◆ **Record extracts**
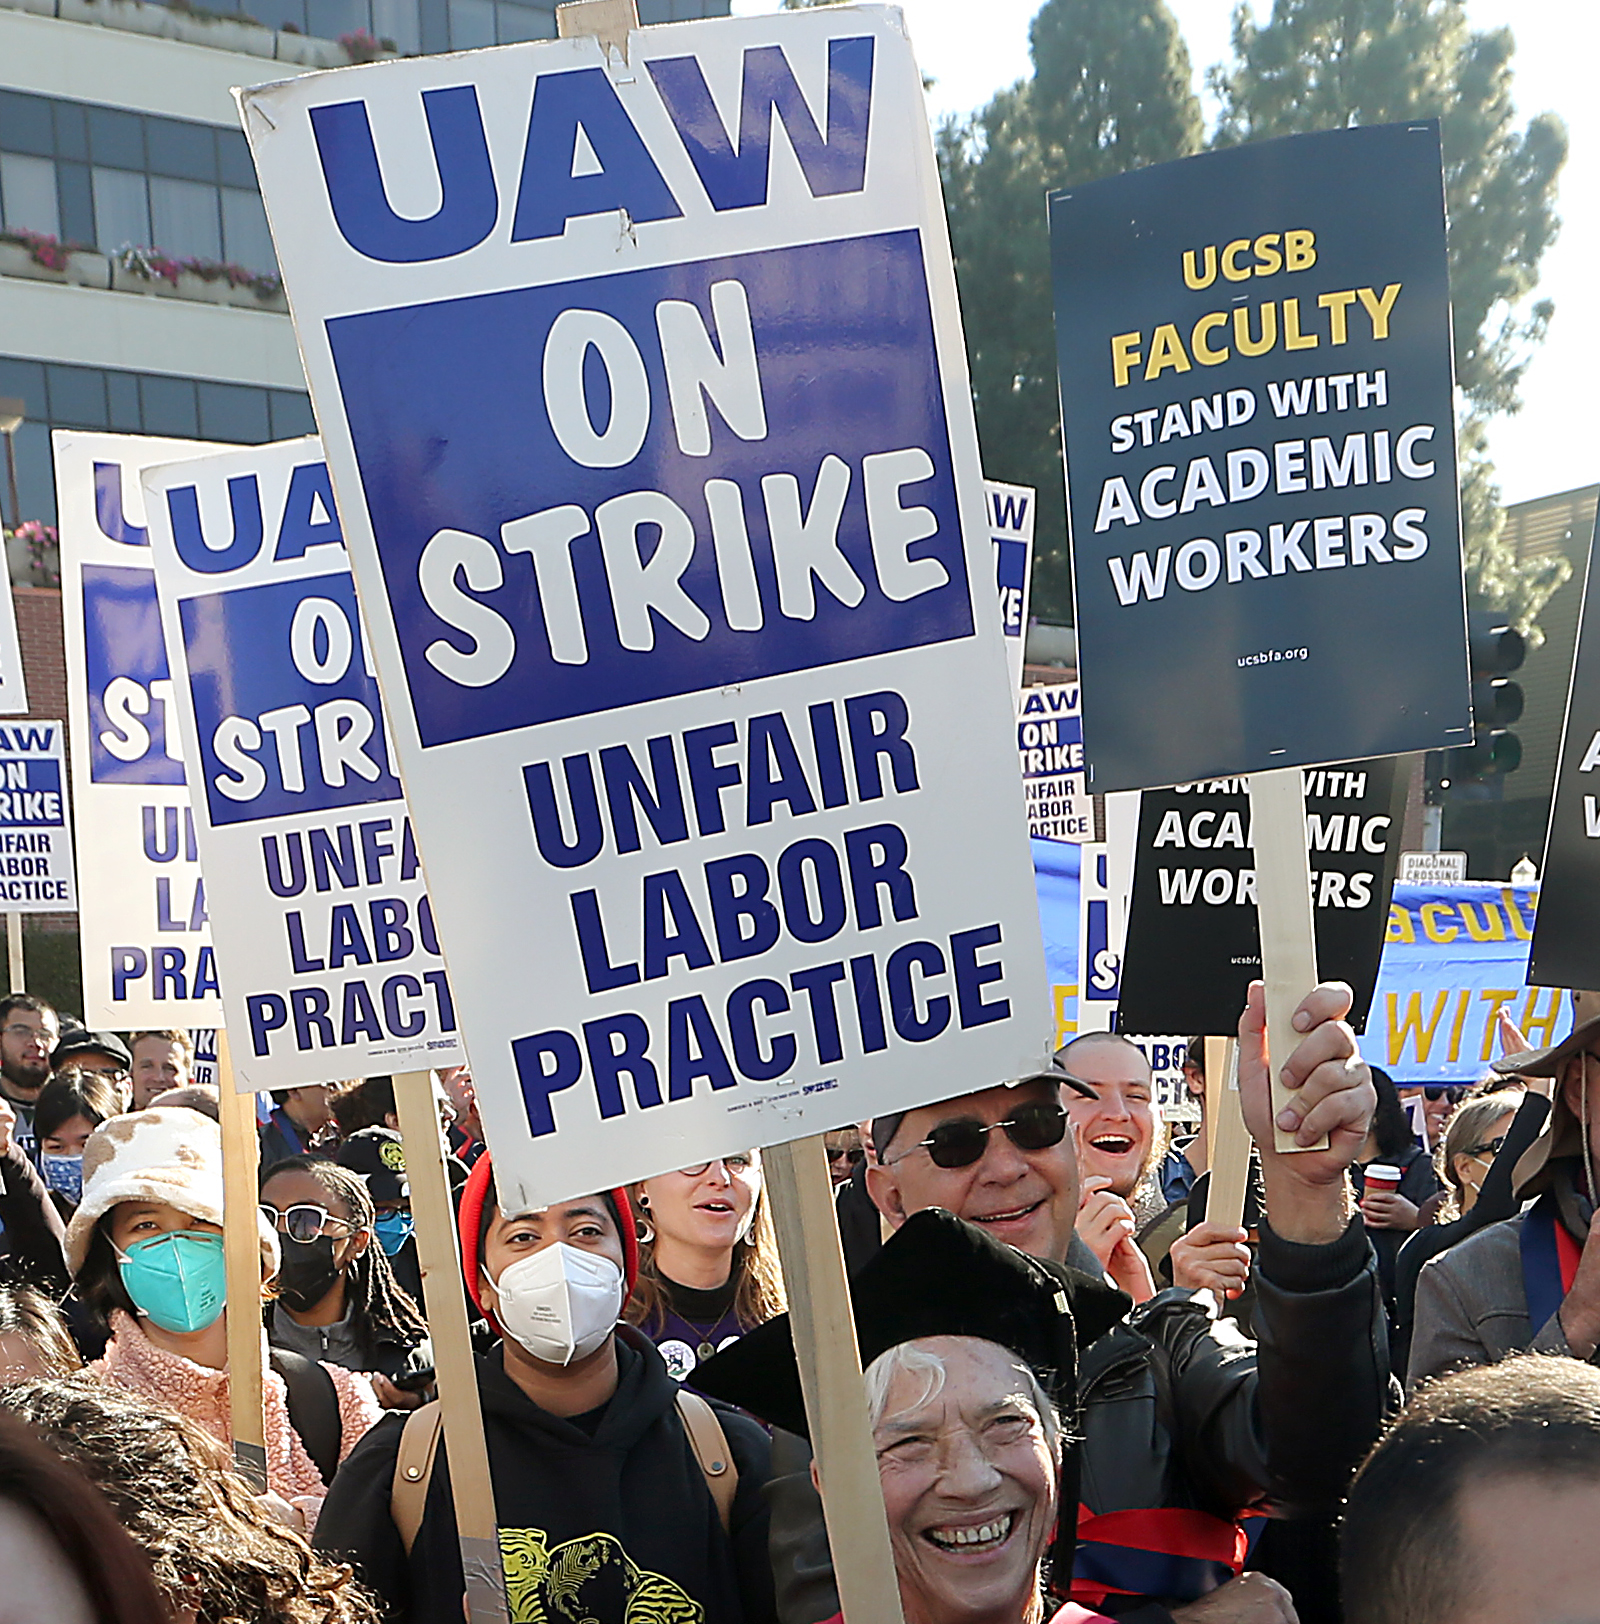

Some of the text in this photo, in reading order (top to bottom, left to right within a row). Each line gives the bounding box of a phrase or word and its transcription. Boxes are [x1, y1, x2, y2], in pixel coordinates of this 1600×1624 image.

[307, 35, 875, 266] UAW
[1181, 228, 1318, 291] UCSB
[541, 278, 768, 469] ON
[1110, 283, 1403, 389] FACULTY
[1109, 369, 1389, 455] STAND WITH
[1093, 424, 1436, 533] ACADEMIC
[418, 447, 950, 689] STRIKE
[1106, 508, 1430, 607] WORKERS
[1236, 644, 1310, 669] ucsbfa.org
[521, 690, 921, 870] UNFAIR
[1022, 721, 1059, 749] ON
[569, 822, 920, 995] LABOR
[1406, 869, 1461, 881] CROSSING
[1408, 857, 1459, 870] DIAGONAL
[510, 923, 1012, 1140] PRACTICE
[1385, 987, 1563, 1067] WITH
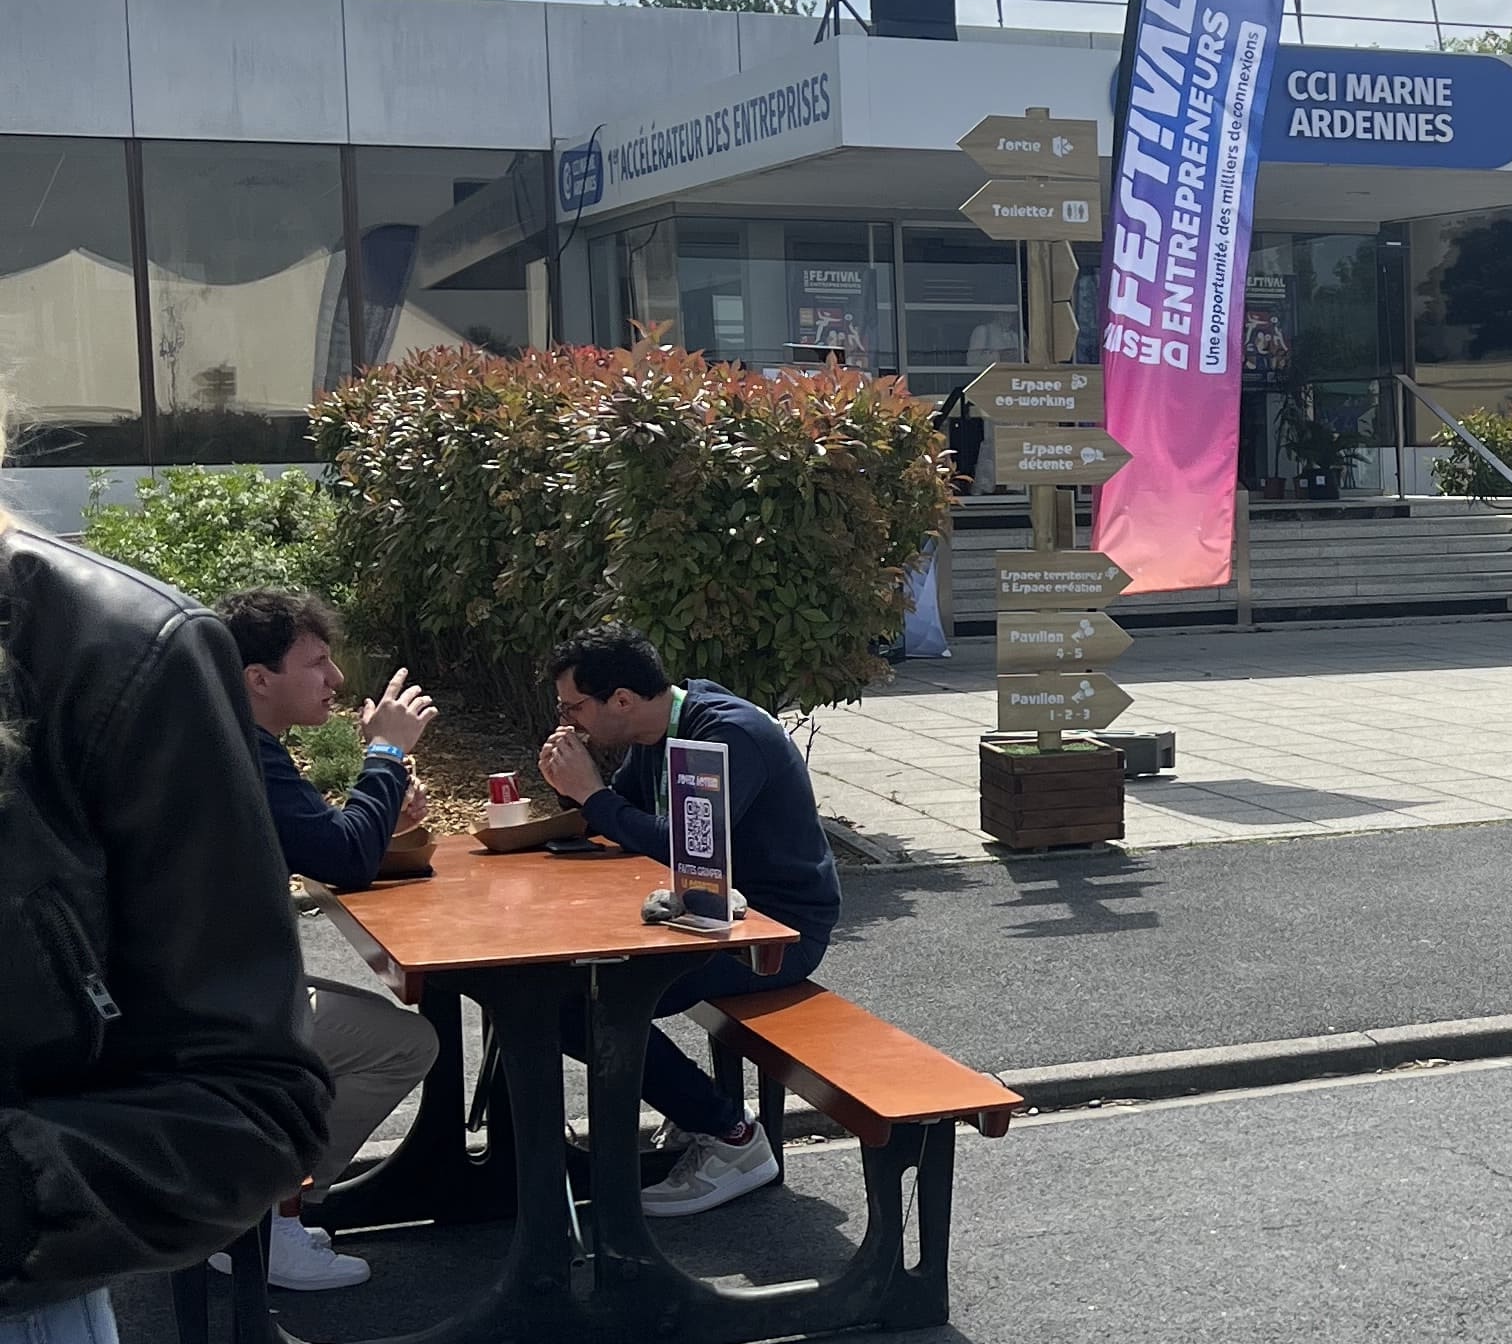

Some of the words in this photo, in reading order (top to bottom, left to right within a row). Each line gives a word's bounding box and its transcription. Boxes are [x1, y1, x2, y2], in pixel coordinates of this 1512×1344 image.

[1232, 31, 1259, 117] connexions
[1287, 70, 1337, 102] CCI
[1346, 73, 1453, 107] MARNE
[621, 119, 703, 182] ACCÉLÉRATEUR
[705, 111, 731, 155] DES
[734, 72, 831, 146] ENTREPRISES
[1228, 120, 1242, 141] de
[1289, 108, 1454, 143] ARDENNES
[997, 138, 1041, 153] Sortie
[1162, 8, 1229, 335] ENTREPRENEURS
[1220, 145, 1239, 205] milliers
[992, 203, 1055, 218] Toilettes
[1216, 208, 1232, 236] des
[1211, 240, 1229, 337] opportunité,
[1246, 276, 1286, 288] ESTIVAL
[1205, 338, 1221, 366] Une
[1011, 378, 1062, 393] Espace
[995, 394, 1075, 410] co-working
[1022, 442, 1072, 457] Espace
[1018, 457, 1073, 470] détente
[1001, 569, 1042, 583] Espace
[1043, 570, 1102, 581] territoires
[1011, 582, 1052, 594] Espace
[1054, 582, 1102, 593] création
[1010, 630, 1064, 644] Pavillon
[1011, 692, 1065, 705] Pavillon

◆ **Task brief**
A faithful copy of all the records is required, with the pictures left out.

◆ **Task output**
Some of the text in this photo, in reading order (top to bottom, left to right within a row). Each line gives the bounding box of a phrase or word and its transcription. Boxes are [x1, y1, x2, y2], in pixel coordinates of this 1600×1624 image.

[307, 35, 875, 266] UAW
[1181, 228, 1318, 291] UCSB
[541, 278, 768, 469] ON
[1110, 283, 1403, 389] FACULTY
[1109, 369, 1389, 455] STAND WITH
[1093, 424, 1436, 533] ACADEMIC
[418, 447, 950, 689] STRIKE
[1106, 508, 1430, 607] WORKERS
[1236, 644, 1310, 669] ucsbfa.org
[521, 690, 921, 870] UNFAIR
[1022, 721, 1059, 749] ON
[569, 822, 920, 995] LABOR
[1406, 869, 1461, 881] CROSSING
[1408, 857, 1459, 870] DIAGONAL
[510, 923, 1012, 1140] PRACTICE
[1385, 987, 1563, 1067] WITH

Some of the words in this photo, in reading order (top to bottom, left to right within a row). Each line gives a word's bounding box and its transcription. Boxes are [x1, y1, x2, y2], in pixel coordinates of this 1512×1344 image.

[1232, 31, 1259, 117] connexions
[1287, 70, 1337, 102] CCI
[1346, 73, 1453, 107] MARNE
[621, 119, 703, 182] ACCÉLÉRATEUR
[705, 111, 731, 155] DES
[734, 72, 831, 146] ENTREPRISES
[1228, 120, 1242, 141] de
[1289, 108, 1454, 143] ARDENNES
[997, 138, 1041, 153] Sortie
[1162, 8, 1229, 335] ENTREPRENEURS
[1220, 145, 1239, 205] milliers
[992, 203, 1055, 218] Toilettes
[1216, 208, 1232, 236] des
[1211, 240, 1229, 337] opportunité,
[1246, 276, 1286, 288] ESTIVAL
[1205, 338, 1221, 366] Une
[1011, 378, 1062, 393] Espace
[995, 394, 1075, 410] co-working
[1022, 442, 1072, 457] Espace
[1018, 457, 1073, 470] détente
[1001, 569, 1042, 583] Espace
[1043, 570, 1102, 581] territoires
[1011, 582, 1052, 594] Espace
[1054, 582, 1102, 593] création
[1010, 630, 1064, 644] Pavillon
[1011, 692, 1065, 705] Pavillon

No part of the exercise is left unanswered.